Anos atrás eram uns 70, chegaram até a formar uma associação. Hoje
são, se tanto, a metade. Viajam sempre juntos, em grupos de quatro,
cinco. Bem menores que as antigas, essas carretas de duas rodas ainda
conservam o clássico estilo pampeano. o toldo é de zinco, mas já foi de
couro ou guinchado de santa-fé. Os bois são controlados carinhosamente
pelo próprio nome, Pintassilgo, Malacara, Parecido, ou vigorosamente
pela aguilhada, vara comprida com ponta de ferro. os homens dormem ao
relento, entre o poncho e os pelegos, sob a carreta. Duas figuras
obrigatórias nessas carreteadas: o cão, ou guaipeca, e o piá carreteiro,
o menino para os pequenos serviços, o grumete do navio.
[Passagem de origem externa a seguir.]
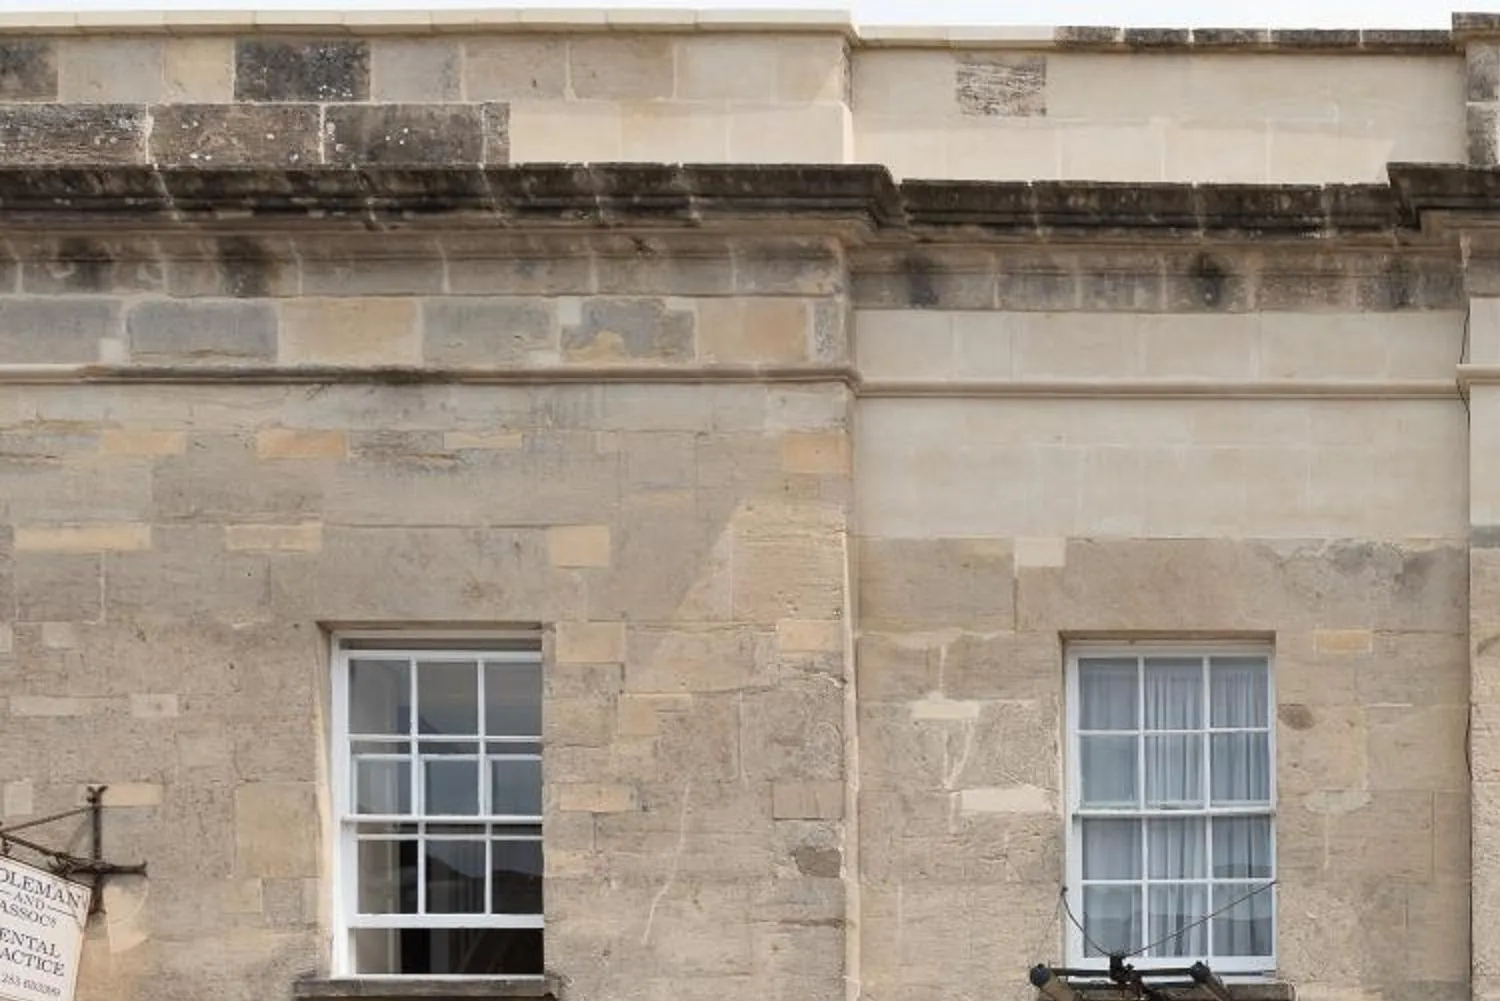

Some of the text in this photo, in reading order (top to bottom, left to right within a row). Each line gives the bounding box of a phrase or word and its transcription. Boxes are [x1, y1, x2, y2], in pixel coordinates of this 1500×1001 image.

[14, 891, 45, 910] AND
[0, 927, 61, 958] ENTAL
[0, 947, 65, 977] ACTICE
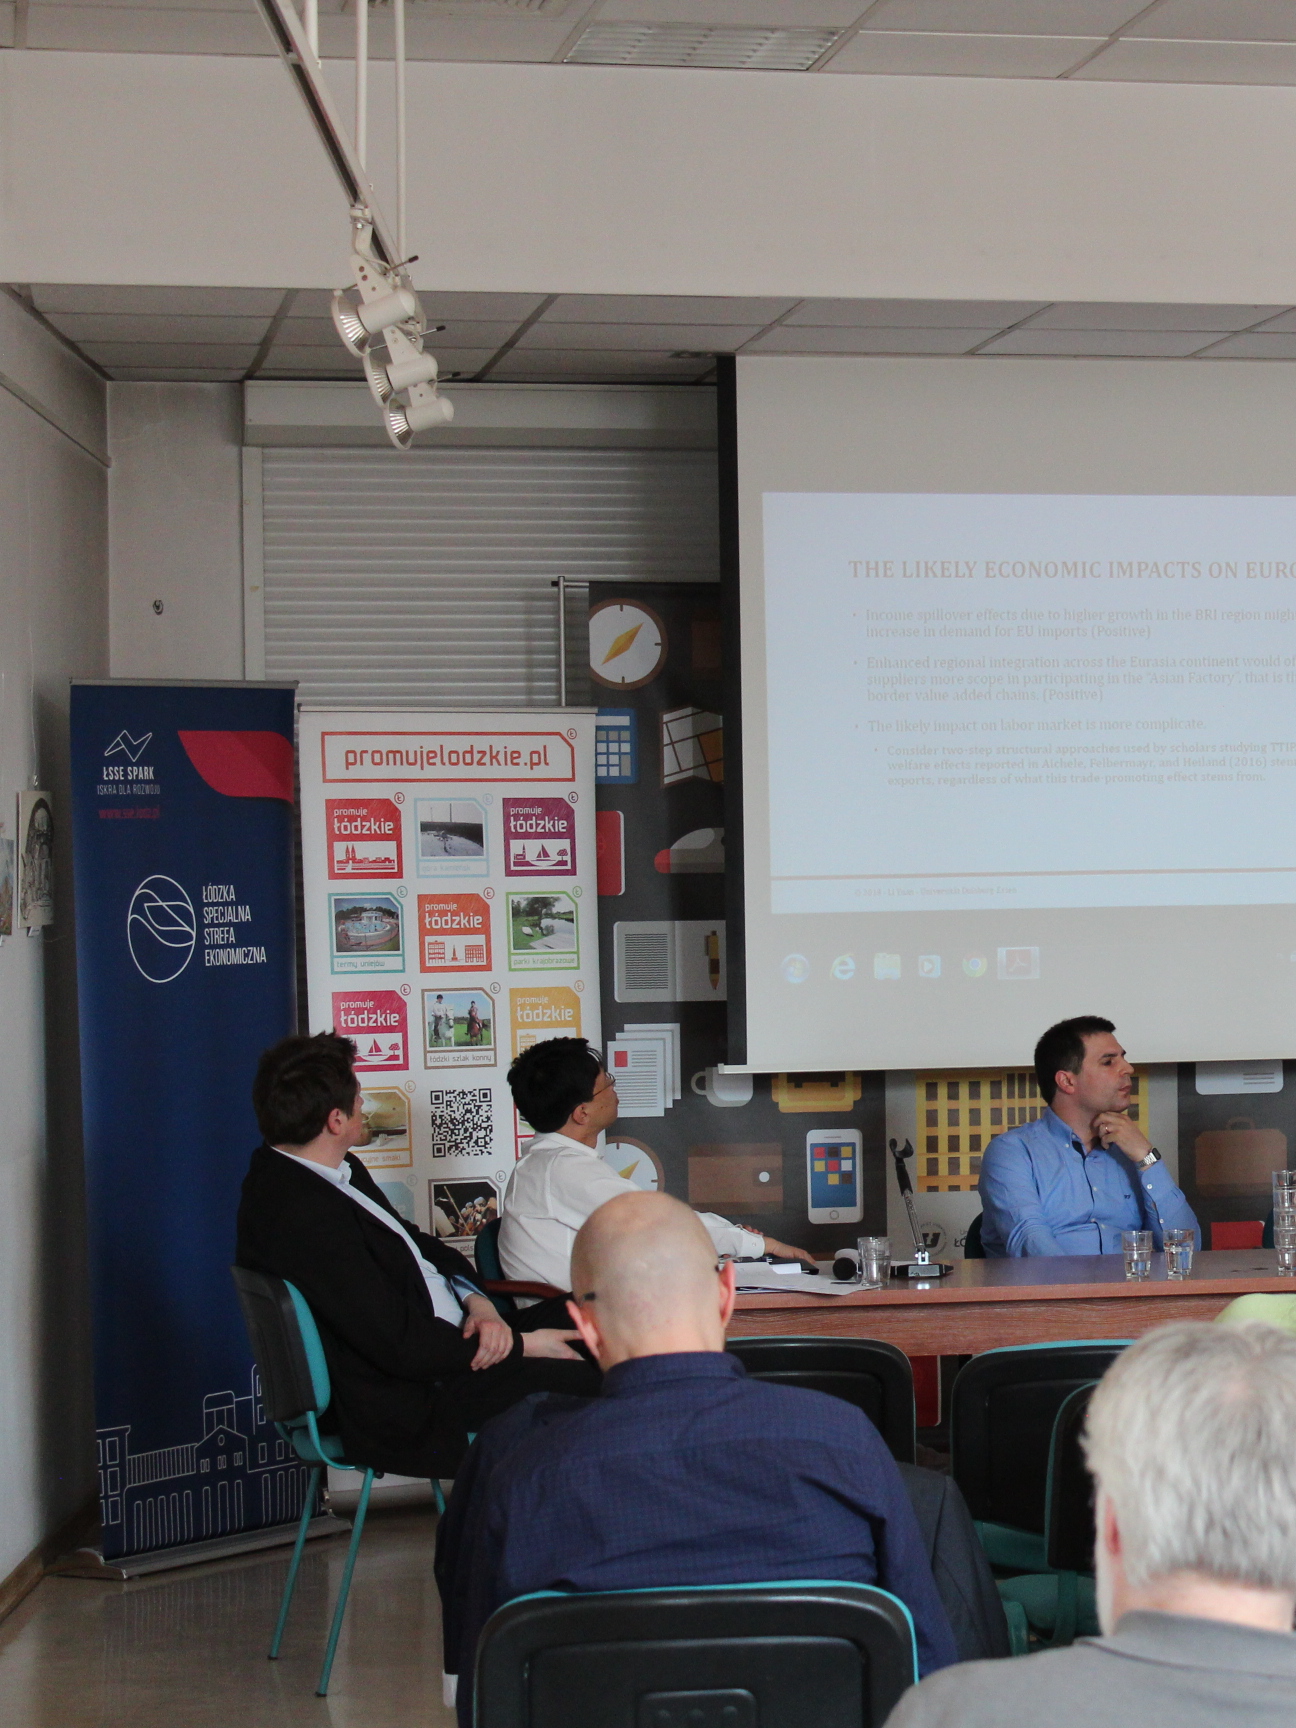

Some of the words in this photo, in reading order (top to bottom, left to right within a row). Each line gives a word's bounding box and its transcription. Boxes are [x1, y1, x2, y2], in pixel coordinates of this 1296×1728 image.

[849, 560, 894, 579] THE
[901, 560, 976, 579] LIKELY
[984, 560, 1101, 579] ECONOMIC
[1108, 560, 1201, 579] IMPACTS
[1208, 560, 1238, 579] ON
[865, 608, 913, 620] Income
[917, 608, 970, 623] spillover
[976, 608, 1017, 620] effects
[1020, 608, 1044, 620] due
[1047, 608, 1060, 620] to
[1063, 608, 1102, 623] higher
[1107, 608, 1152, 623] growth
[1156, 608, 1168, 620] in
[1171, 608, 1191, 620] the
[1194, 608, 1217, 620] BRI
[1220, 608, 1260, 623] region
[866, 625, 920, 637] increase
[923, 625, 935, 637] in
[938, 625, 991, 637] demand
[994, 625, 1010, 637] for
[1016, 625, 1034, 637] EU
[1037, 625, 1087, 640] imports
[1090, 625, 1151, 640] (Positive)
[866, 656, 930, 667] Enhanced
[933, 656, 985, 670] regional
[989, 656, 1059, 670] integration
[1106, 656, 1126, 666] the
[1129, 655, 1176, 666] Eurasia
[1178, 655, 1239, 666] continent
[1242, 655, 1280, 666] would
[866, 673, 926, 688] suppliers
[930, 676, 964, 684] more
[967, 676, 1003, 688] scope
[1006, 672, 1019, 684] in
[1022, 672, 1104, 687] participating
[1106, 672, 1119, 684] in
[1122, 672, 1142, 684] the
[1244, 671, 1268, 683] that
[1272, 671, 1282, 683] is
[866, 689, 910, 701] border
[914, 689, 948, 700] value
[952, 689, 992, 700] added
[1042, 688, 1103, 703] (Positive)
[868, 720, 892, 732] The
[895, 720, 930, 735] likely
[933, 719, 976, 734] impact
[980, 722, 997, 731] on
[1000, 719, 1034, 731] labor
[1036, 719, 1082, 730] market
[1085, 718, 1096, 730] is
[1099, 721, 1132, 730] more
[345, 745, 549, 770] promujelodzkie.pl
[886, 746, 938, 755] Consider
[996, 745, 1052, 755] structural
[1055, 744, 1120, 757] approaches
[1123, 744, 1150, 754] used
[1152, 744, 1166, 756] by
[1170, 744, 1216, 754] scholars
[1219, 743, 1267, 756] studying
[887, 760, 930, 769] welfare
[933, 760, 970, 769] effects
[974, 759, 1024, 771] reported
[1027, 759, 1038, 768] in
[1158, 758, 1179, 768] and
[1228, 757, 1267, 770] (2016)
[1270, 757, 1296, 767] stem
[103, 766, 125, 780] ŁSSE
[127, 766, 155, 780] SPARK
[937, 774, 996, 786] regardless
[1000, 773, 1011, 783] of
[1014, 773, 1042, 783] what
[1045, 773, 1066, 783] this
[1166, 772, 1197, 782] effect
[1201, 772, 1233, 782] stems
[97, 784, 117, 795] ISKRA
[118, 784, 131, 795] DLA
[133, 784, 160, 795] ROZWOJU
[334, 806, 368, 817] promuje
[510, 805, 542, 815] promuje
[334, 817, 394, 835] łódzkie
[510, 816, 568, 834] łódzkie
[202, 883, 236, 903] ŁÓDZKA
[203, 905, 252, 924] SPECJALNA
[425, 902, 457, 912] promuje
[424, 912, 483, 930] łódzkie
[204, 927, 236, 945] STREFA
[205, 947, 267, 966] EKONOMICZNA
[336, 959, 358, 969] termy
[340, 999, 374, 1010] promuje
[517, 995, 549, 1006] promuje
[340, 1010, 400, 1028] łódzkie
[517, 1006, 574, 1022] łódzkie
[429, 1053, 450, 1063] łódzki
[452, 1053, 470, 1062] szlak
[471, 1053, 492, 1063] konny
Em
tupi-guarani, piá tem um bonito significado. Quer dizer, ao mesmo
tempo, filho e coração.
Esses carreteiros ao redor do fogo sabem que, entre os 60 mil habitantes
de São Gabriel, contam com amigos e críticos, Para os críticos a
carreta de boi não passa de uma lenta obsolescência que insiste em
atrapalhar o trânsito. Entre os amigos, há pessoas ilustres. O
historidor Osório Figueiredo, autor de Carreteadas Heróicas, que
acompanha o tranco das carretas desde os vales do Eufrates até os pampas
de São Gabriel.
Um vereador, Idalino Soares, que há anos peleia por seus amigos, mas
reconhece que suas cansadas lavouras seculares estão a ponto de não mais
justificar essas carreteadas, já meio heróicas. Um jornalista
corajoso, Valdir Borin, que conviveu meses com os carreteiros e dessa
experiência saiu com emocionado vídeo. E ainda o já citado poeta
Edilberto Teixeira, recentemente falecido, autor de São Gabriel das
Carretas e O ABC da Carreta. Num dos seus mais belos poemas, ele fala
que a história é como o gemido da carreta que vai deixando um lamento de
saudade na memória dos velhos e uma ânsia de horizontes no coração dos
moços. Esse gemido das carretas estrada afora muito tem esporeado a
imaginação dos poetas.
Numa de suas músicas, o argentino Atahualpa Yupanqui canta que não
precisa de silêncio porque já não tem em que pensar, por isso os eixos
da sua carreta nunca vai engraxar. já para outro poeta gaúcho, Mozart
Pereira Soares, a função desse gemido foi ir acordando, mundo afora,
caminhos adormecidos.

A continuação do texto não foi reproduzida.